## Entries provided:
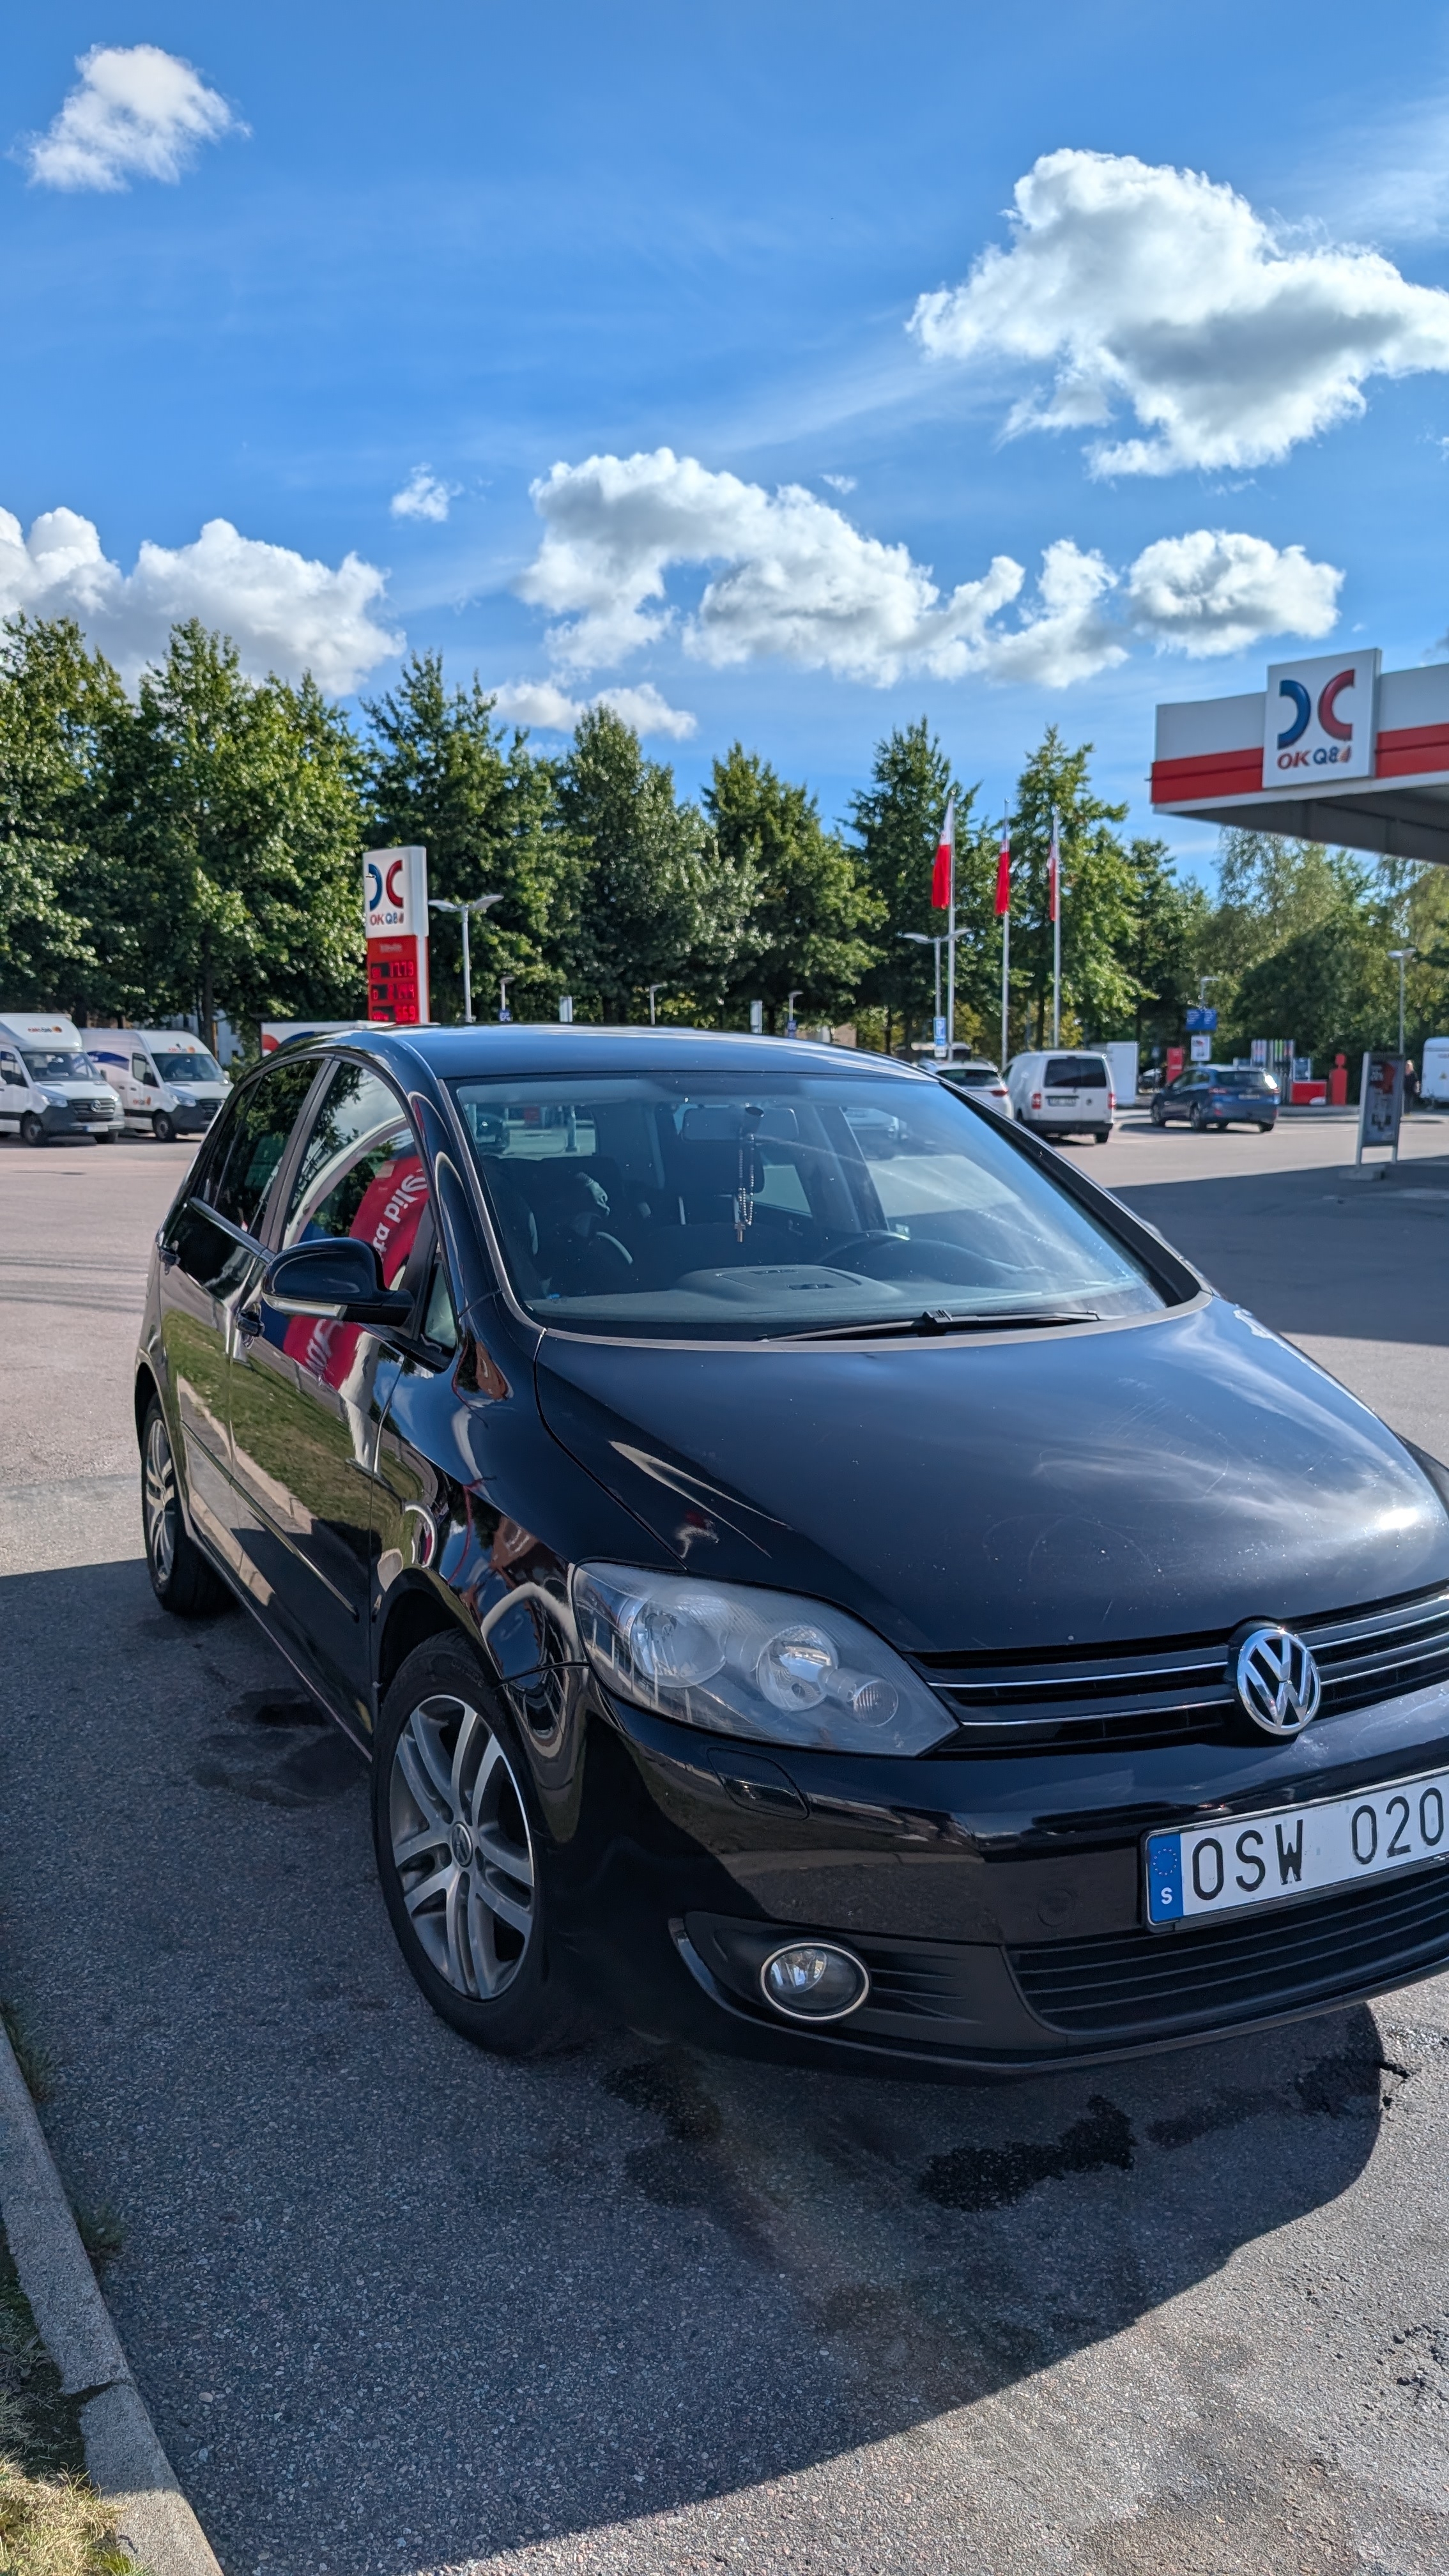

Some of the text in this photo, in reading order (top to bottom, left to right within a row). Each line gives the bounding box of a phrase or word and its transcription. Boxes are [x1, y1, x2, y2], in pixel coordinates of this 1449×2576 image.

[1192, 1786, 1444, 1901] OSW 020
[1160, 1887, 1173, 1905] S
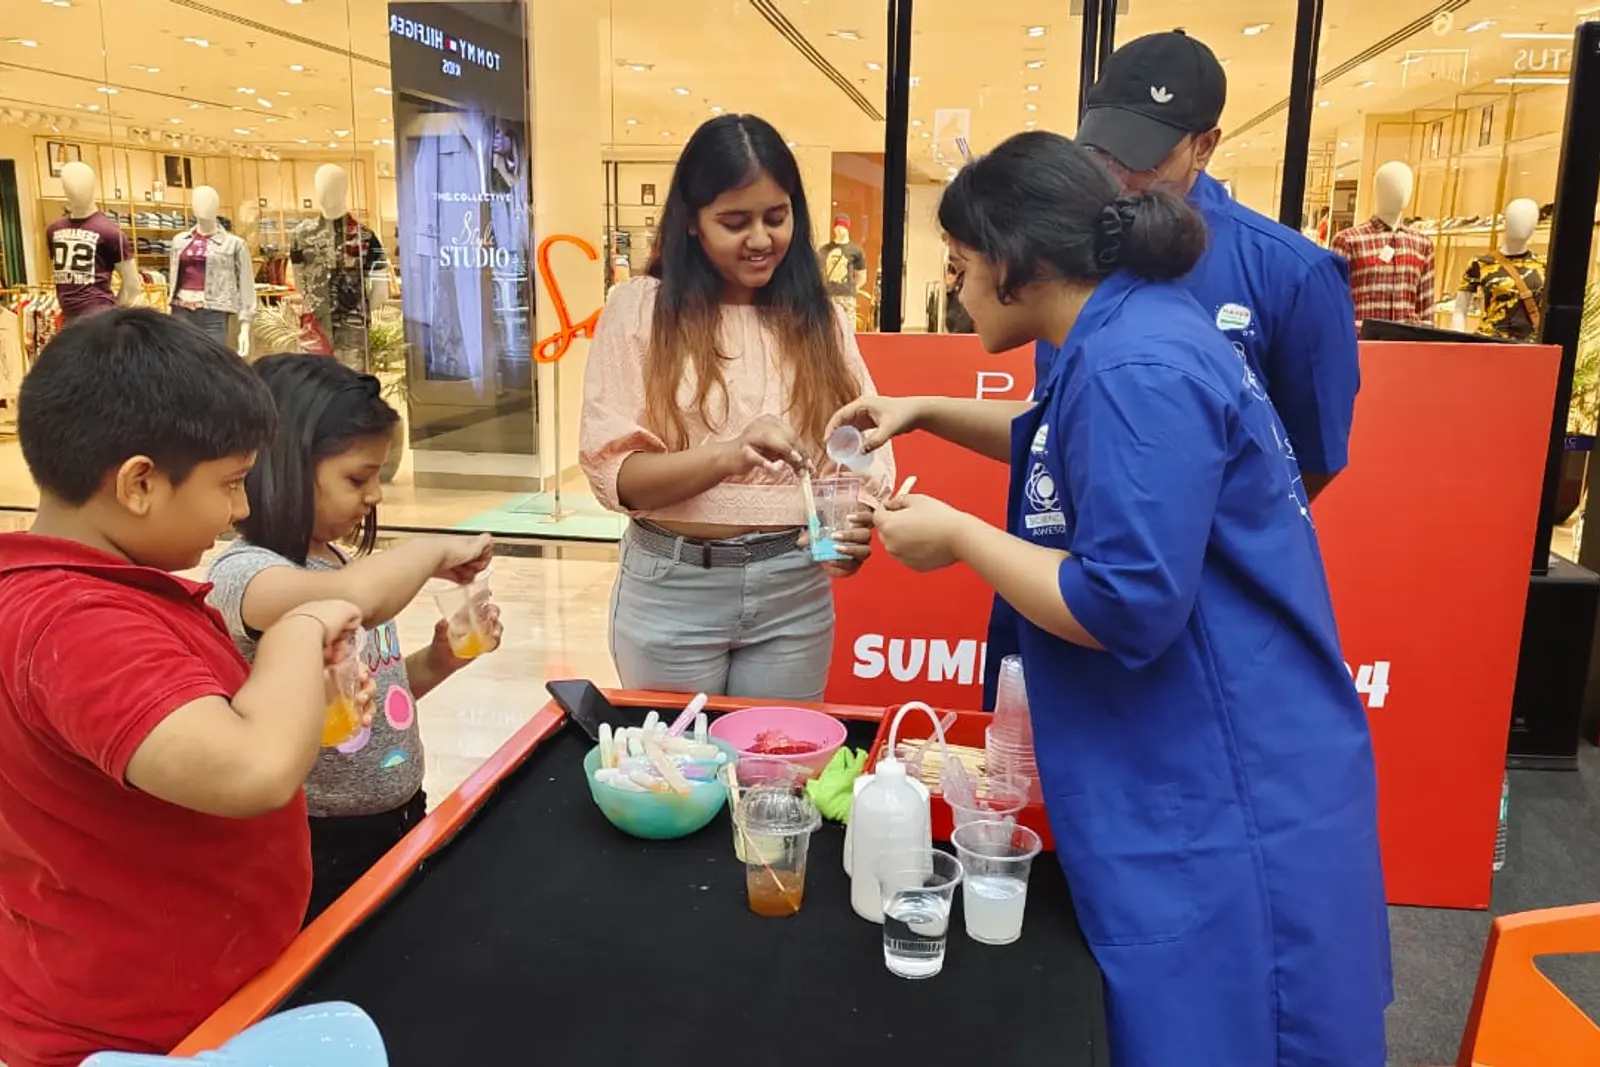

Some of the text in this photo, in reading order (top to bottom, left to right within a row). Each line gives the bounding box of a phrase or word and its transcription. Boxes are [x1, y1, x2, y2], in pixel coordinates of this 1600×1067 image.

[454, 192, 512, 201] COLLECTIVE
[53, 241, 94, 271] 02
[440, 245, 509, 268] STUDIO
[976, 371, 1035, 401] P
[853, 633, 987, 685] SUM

## What is being asked:
Beginning with the line that contains "this 1600×1067 image.", return every line to the end of the listing, unchanged, and nothing else.

## Exercise result:
Some of the text in this photo, in reading order (top to bottom, left to right within a row). Each line gives the bounding box of a phrase or word and its transcription. Boxes are [x1, y1, x2, y2], in pixel coordinates of this 1600×1067 image.

[454, 192, 512, 201] COLLECTIVE
[53, 241, 94, 271] 02
[440, 245, 509, 268] STUDIO
[976, 371, 1035, 401] P
[853, 633, 987, 685] SUM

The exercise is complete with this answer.